I am not sure it makes sense to do so but here is an answer which doesn't explicitly use a quotient. Note that I am in some sense proving Lagrange's Theorem in the quotient.
Lemma Let $H$ be normal in $G$.
For any $g_1,g_2,g \in G$ either $$\{g_1gH,g_1g^2H,...,g_1g^{|G|}H\} \cap \{g_2gH,g_2g^2H,...,g_2g^{|G|}H\} =\emptyset$$ or $$\{g_1gH,g_1g^2H,...,g_1g^{|G|}H\} = \{g_2gH,g_2g^2H,...,g_2g^{|G|}H\}.$$
Proof: Suppose that $g_1g^jH = g_2g^kH$, then since $H$ is normal for any $m$, $g_1g^{j+m}H=g_1g^jHg^m=g_2g^kHg^m=g_2g^{k+m}H$ which proves the claim.
Lemma Let $H$ be normal in $G$.
For any $g_1,g_2,g \in G$ the sets $$H_1=\{g_1gH,g_1g^2H,...,g_1g^{|G|}H\}$$ and $$H_2= \{g_2gH,g_2g^2H,...,g_2g^{|G|}H\}$$
have the same number of elements.
Proof: The map from $H_1$ to $H_2$ defined by $S \mapsto g_2g_1^{-1}S$ is a bijection.
Lemma Let $H$ be normal in $G$. There exists $g_1,g_2,...,g_m$ in $G$ such that
$$\{g''H\,|\,g'' \in G\} = \bigcup_{i= 1}^{m} \{g_igH,g_ig^2H, ... , g_ig^{|G|}H\}$$
and each pair of sets in the union are disjoint.

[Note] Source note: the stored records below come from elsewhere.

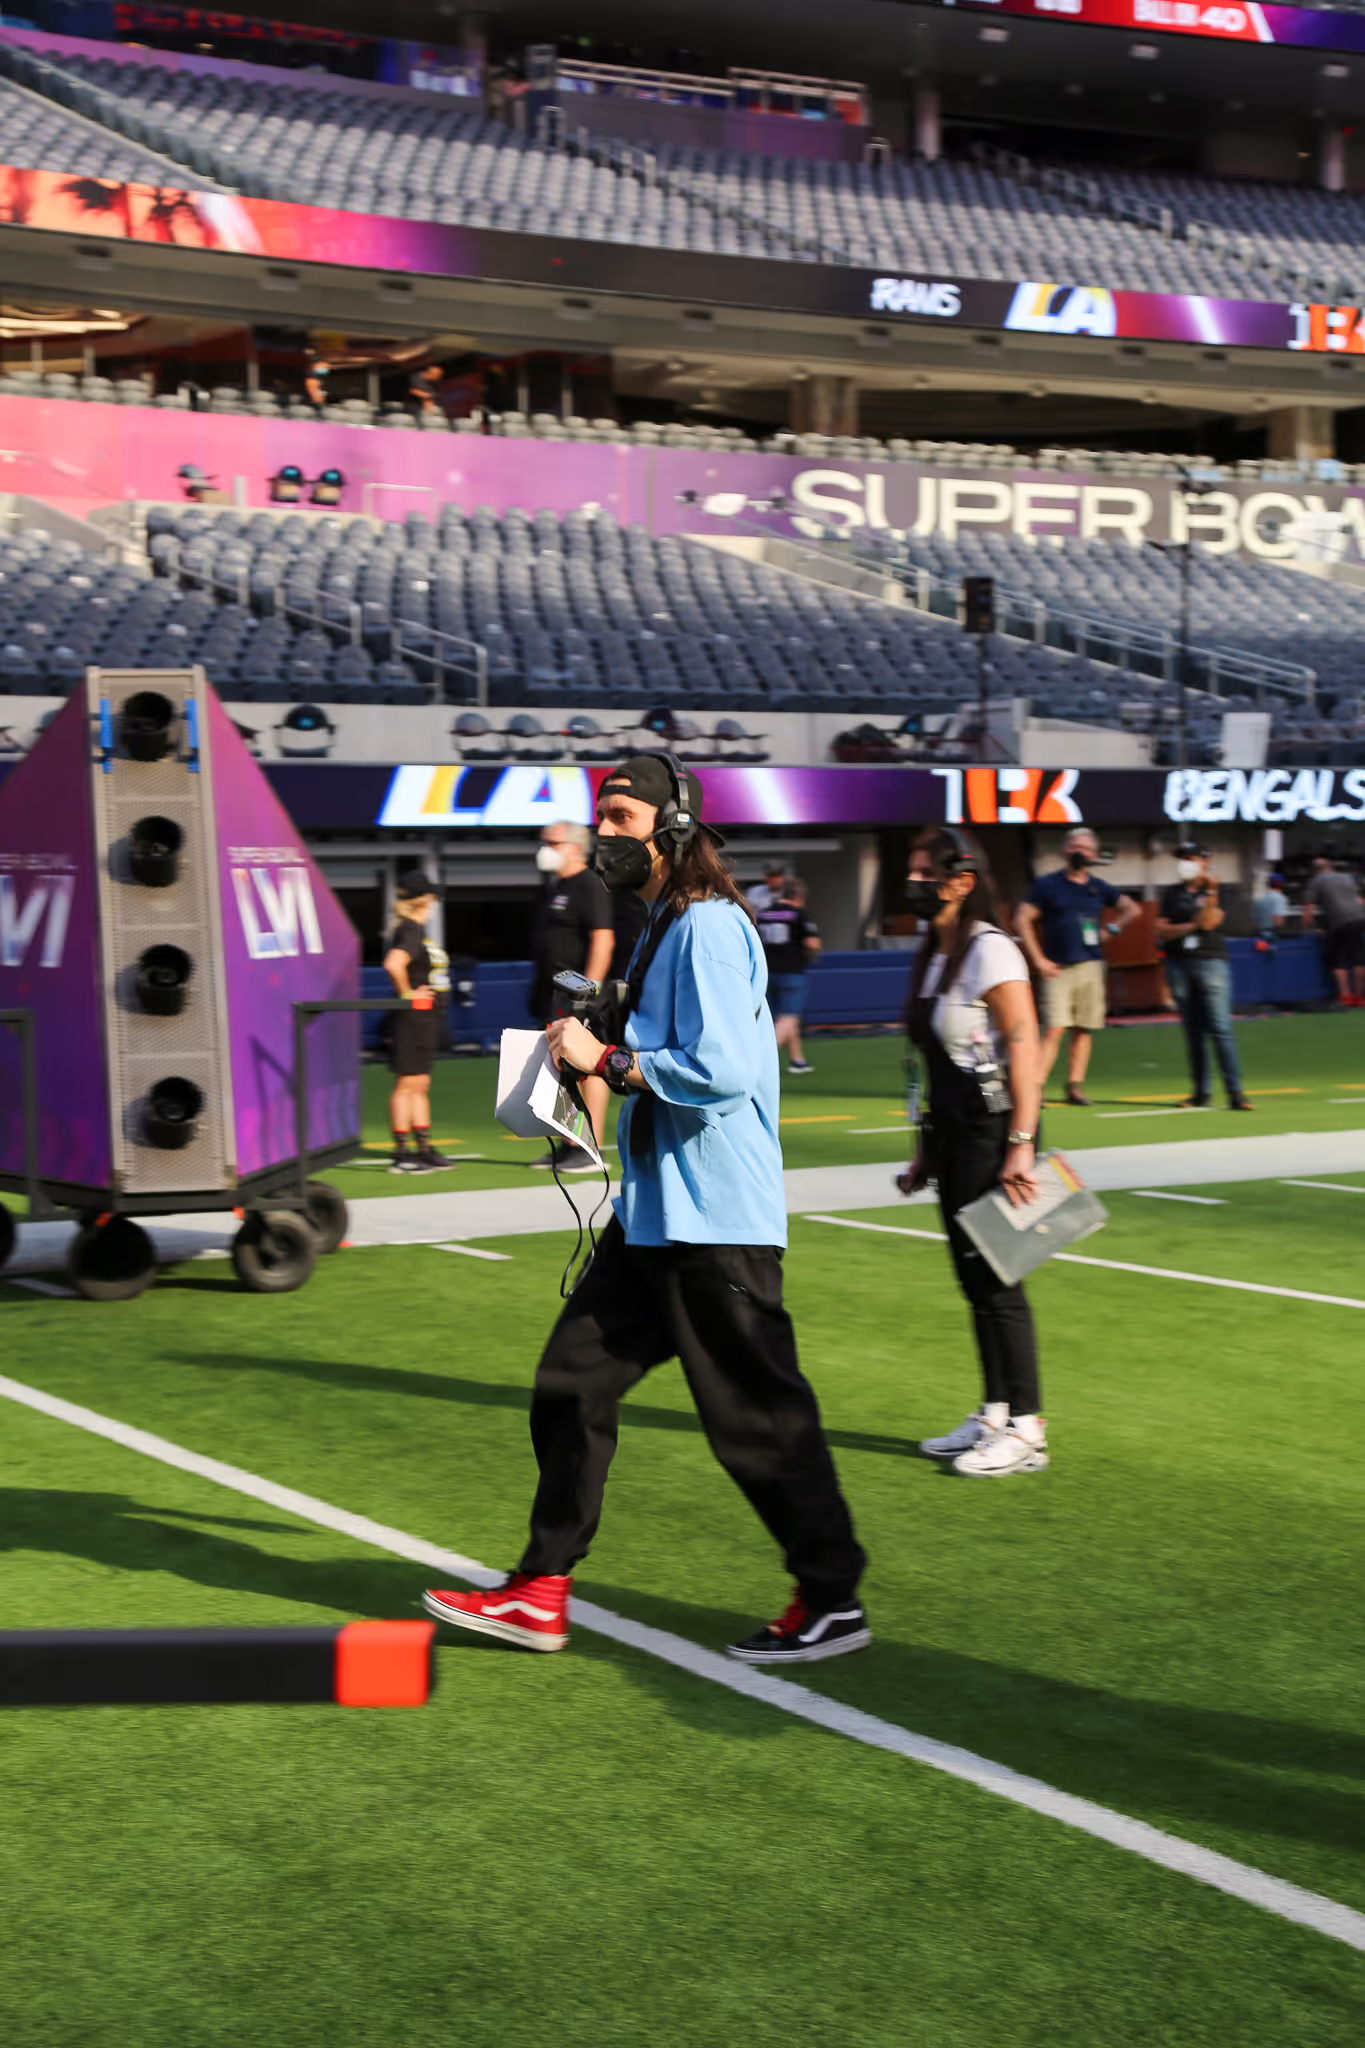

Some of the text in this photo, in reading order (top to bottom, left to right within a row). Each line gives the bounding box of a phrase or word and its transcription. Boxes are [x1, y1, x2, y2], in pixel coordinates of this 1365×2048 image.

[870, 278, 962, 317] RAMS
[790, 469, 1153, 548] SUPER
[375, 765, 593, 826] LA
[1163, 768, 1365, 821] BENGALS
[230, 867, 324, 959] LVI

Proof Firstly if $g' = g''g^{-1}$, then $g''H \in \{g'gH,g'g^2H, ... , g'g^{|G|}H\}$ this proves that by choosing enough $g_i$'s we will obtain the whole of $\{g''H\,|\,g \in G\}$. The first Lemma proves we can choose them all to be disjoint.

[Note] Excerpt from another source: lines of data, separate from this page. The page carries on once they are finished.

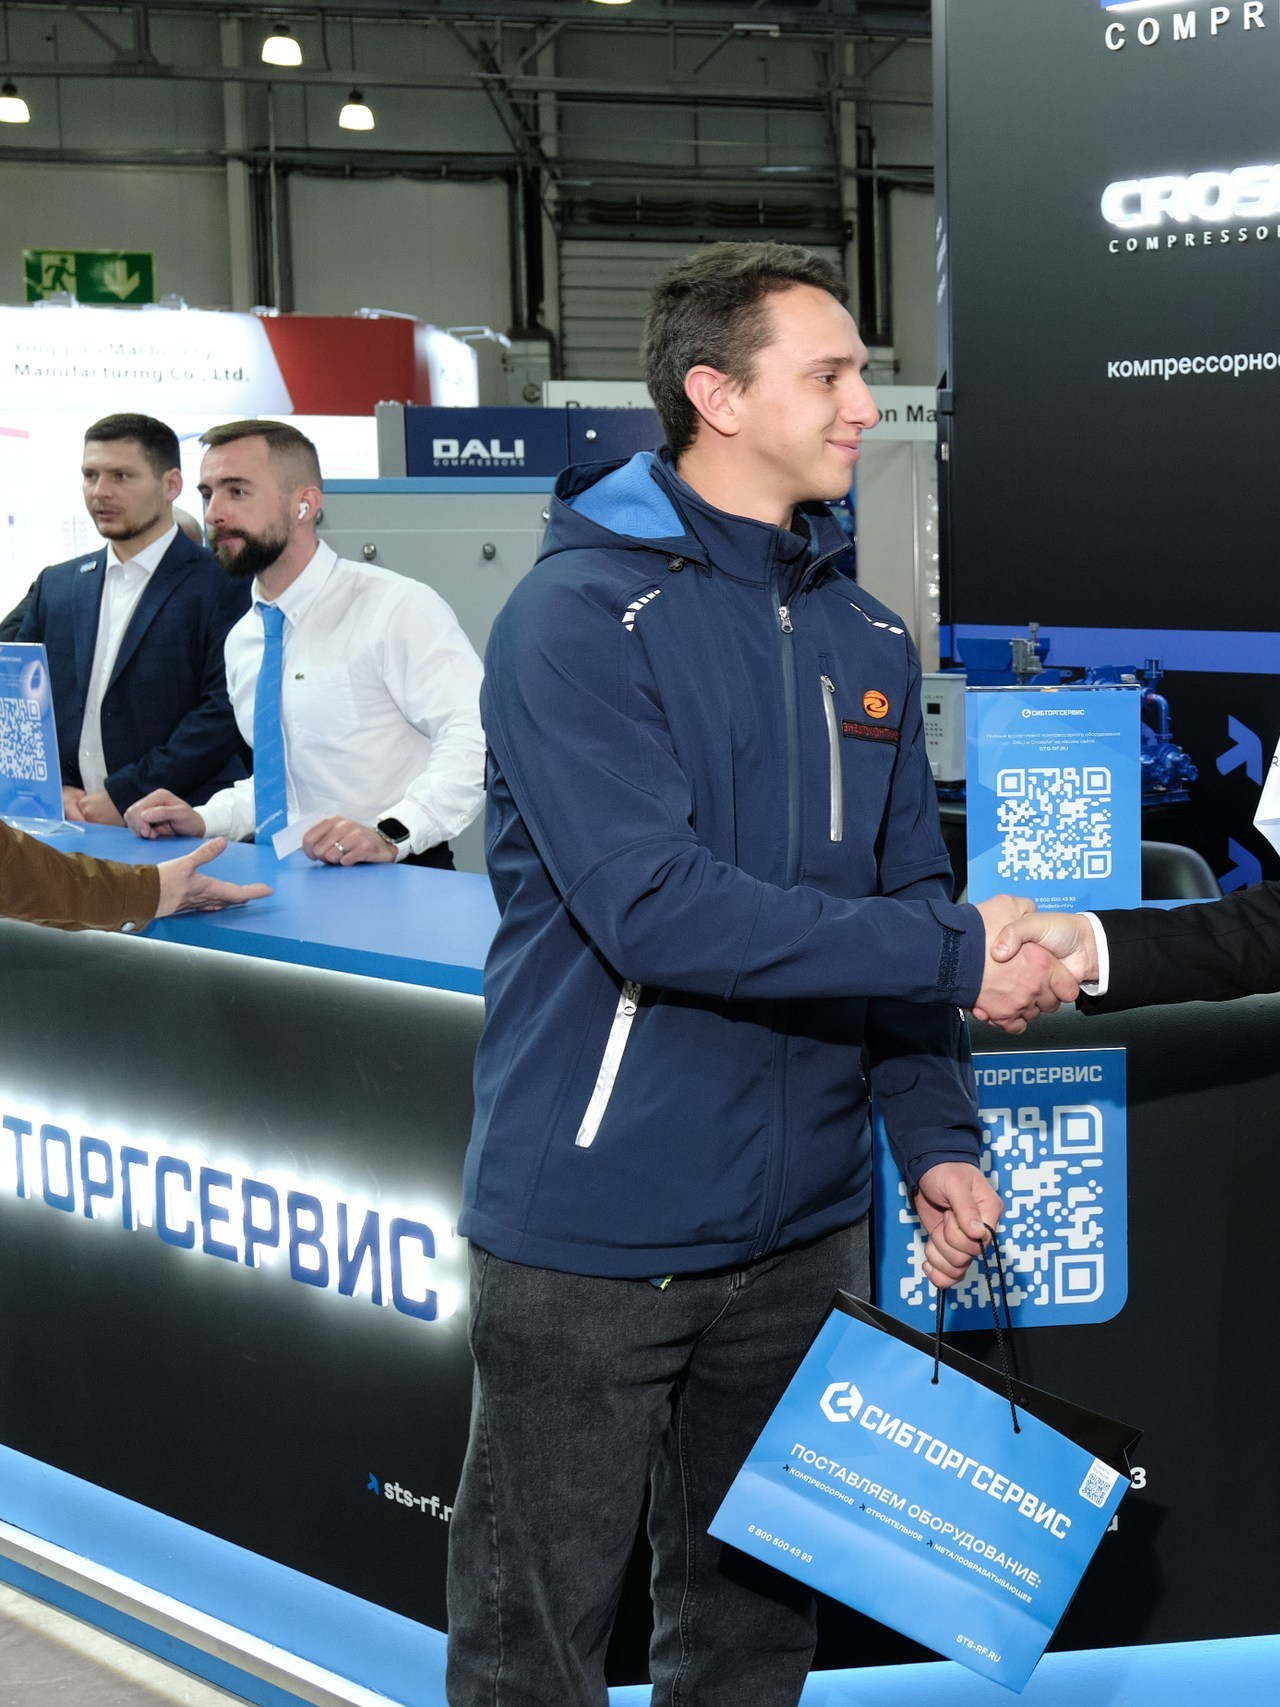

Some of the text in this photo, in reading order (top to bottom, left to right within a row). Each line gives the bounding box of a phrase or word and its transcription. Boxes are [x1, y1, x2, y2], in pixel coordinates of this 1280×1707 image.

[14, 362, 163, 383] Manufacturing
[432, 438, 525, 459] DALI
[432, 459, 525, 467] COMPRESSORS
[2, 1114, 442, 1323] ТОРГСЕРВИС
[859, 1404, 1072, 1540] СИБТОРГСЕРВИС
[789, 1467, 855, 1506] КОМПРЕССОРНОЕ
[865, 1507, 924, 1542] СТРОИТЕЛЬНОЕ
[789, 1442, 1043, 1589] ПОСТАВЛЯЕМ ОБОРУДОВАНИЕ:
[748, 1524, 813, 1563] 8 800 500 43 93
[956, 1634, 1002, 1663] STS-RF.RU

Let us assume $n < |G|$ (since for $n=|G|$ we can use Lagrange's Theorem as mentioned in a comment). Via the last two lemmas we have that $n = m |\{gH,g^2H,...,g^{|G|}H\}|$. This means that $g^kH = g^jH$ for some $1 \leq j < k < |G|$ otherwise $|\{gH,g^2H,...,g^{|G|}H\}|=|G|$. Therefore $g^{k-j} H =H$. Now suppose that $r$ is the smallest natural number such that $g^rH=H$. Then $\{gH,g^2H,...,g^{|G|}H\}=\{gH,g^2H,...,g^rH\}$. Since $g^{j}H$ and $g^{k}H$ can't be equal for $1 \leq j < k \leq r$ otherwise $g^{k-j}H =H$ with $k-j < r$ it follows that $r$ divides $n$ and hence $g^n = (g^r)^{n/r}$ is a power of an element in $H$ and hence is in $H$.